2014 / Fine Art / Landscape

Between the Trees, 2014

  • Photographer
    Ellie Davies

Between the Trees, 2014. What is a forest? Is it the trees or the space that exists between them? ‘A forest is what exists between its trees, between its dense undergrowth and its clearings, between all its life cycles and their different time-scales…A forest is a meeting place between those who enter it and something unnameable and attendant… Something intangible and within touching distance. Neither silent nor audible.* These images explore the nature and meaning of ‘Forest’ by considering the experience of standing alone in the woods; the eerie and captivating sensation that time has slowed down and that the forest and everything within it exists in a different state. Somehow set apart from our usual perception of linear time the wind drops, the air cools, all is quiet and still and the forest draws in.
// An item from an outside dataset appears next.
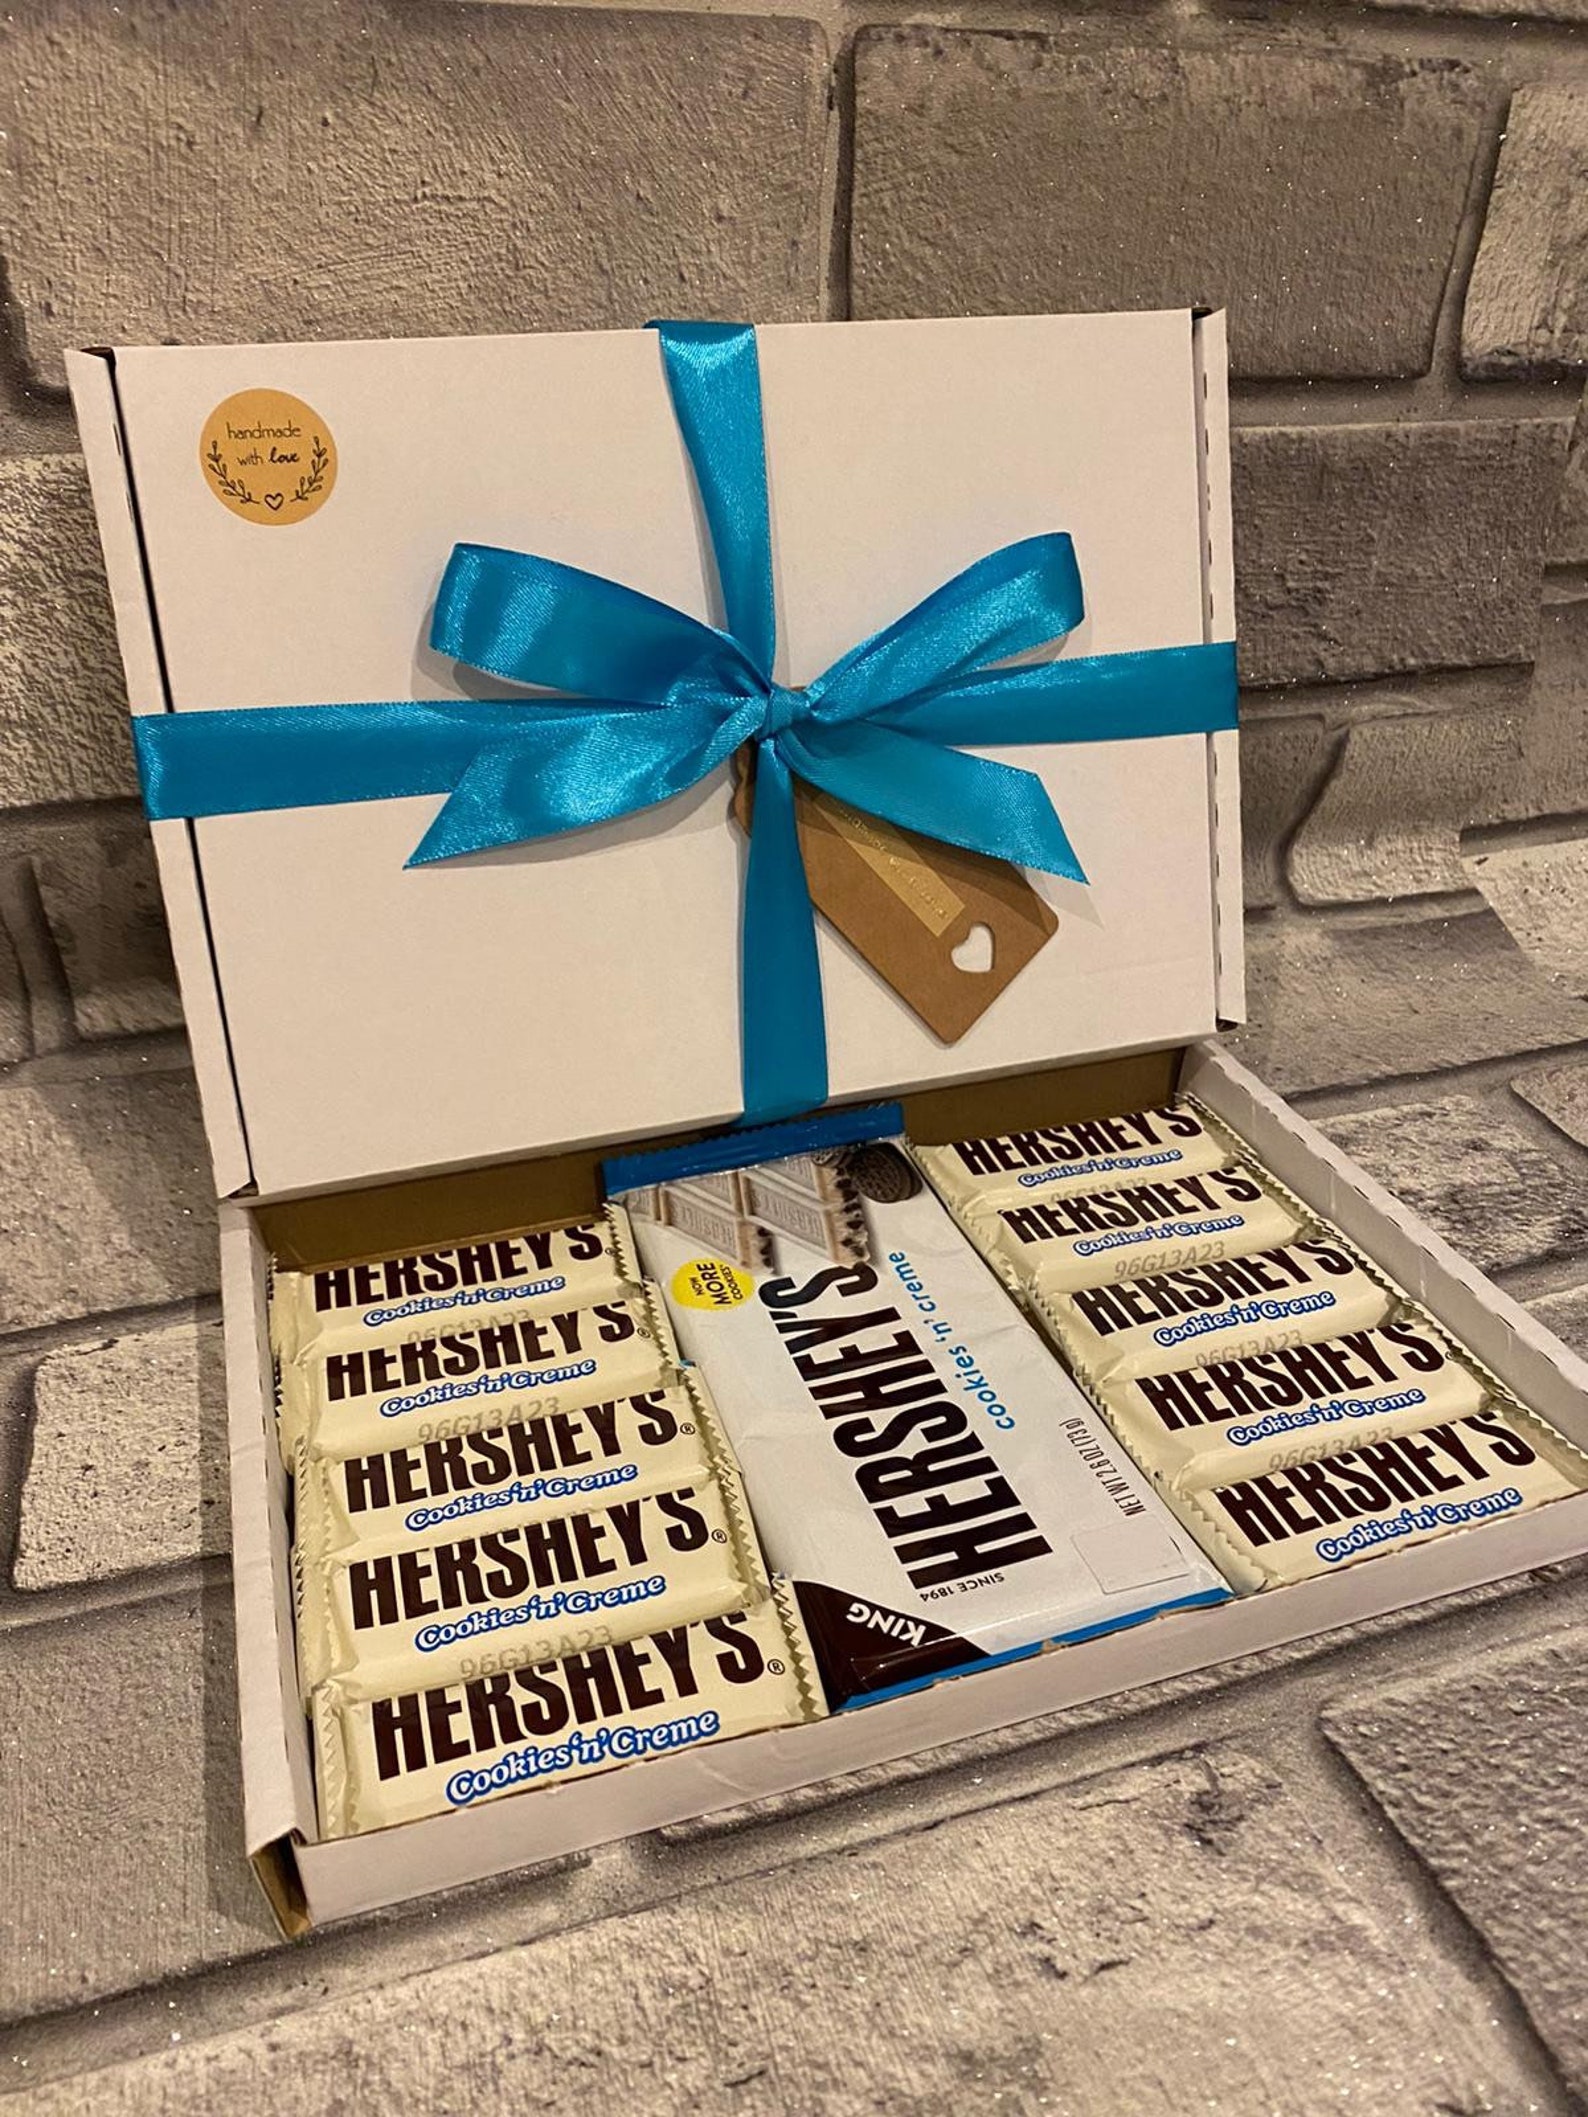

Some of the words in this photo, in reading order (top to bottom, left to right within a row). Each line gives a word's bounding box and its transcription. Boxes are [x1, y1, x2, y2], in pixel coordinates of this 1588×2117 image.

To enter this other place is to accept a slowing of time and a shift in perception. The swirling, hanging and drifting smoke allows us to observe time moving at an almost imperceptible pace, and to focus on the interior space that is very much part of the forest, guiding the eye away from the trees and allowing it to linger on this ‘betweenness’. Suspended and still, the smoke fills the spaces between the trees reflecting this physical experience: the palpable and brooding cognisance of the forest, the muffled and flattened sound, the prickling sense of heightened awareness. The mist fills the gaps to draw us into the spaces between. * John Berger in - ‘Hold Everything Dear: Dispatches on Survival and Resistance’, p.135-140 Verso, 2007.
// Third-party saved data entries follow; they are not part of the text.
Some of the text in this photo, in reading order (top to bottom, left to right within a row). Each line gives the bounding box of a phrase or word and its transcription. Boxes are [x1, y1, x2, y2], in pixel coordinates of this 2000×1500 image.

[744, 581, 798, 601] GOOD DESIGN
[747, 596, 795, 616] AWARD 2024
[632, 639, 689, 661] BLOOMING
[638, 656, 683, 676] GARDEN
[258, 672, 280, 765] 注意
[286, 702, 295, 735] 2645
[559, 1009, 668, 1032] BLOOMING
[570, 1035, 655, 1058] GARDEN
I have worked in UK forests since 2007, making images which explores the complex interrelationship between the landscape and the individual. Our understanding of landscape can be seen as a construction in which layers of meaning that reflect our own cultural preoccupations and anxieties obscure the reality of the land, veiling it, and transforming the natural world into an idealization. These altered landscapes are a reflection of my personal relationship with the forest, a meditation on universal themes relating to the psyche and they explore the concept of landscape as a social and culture.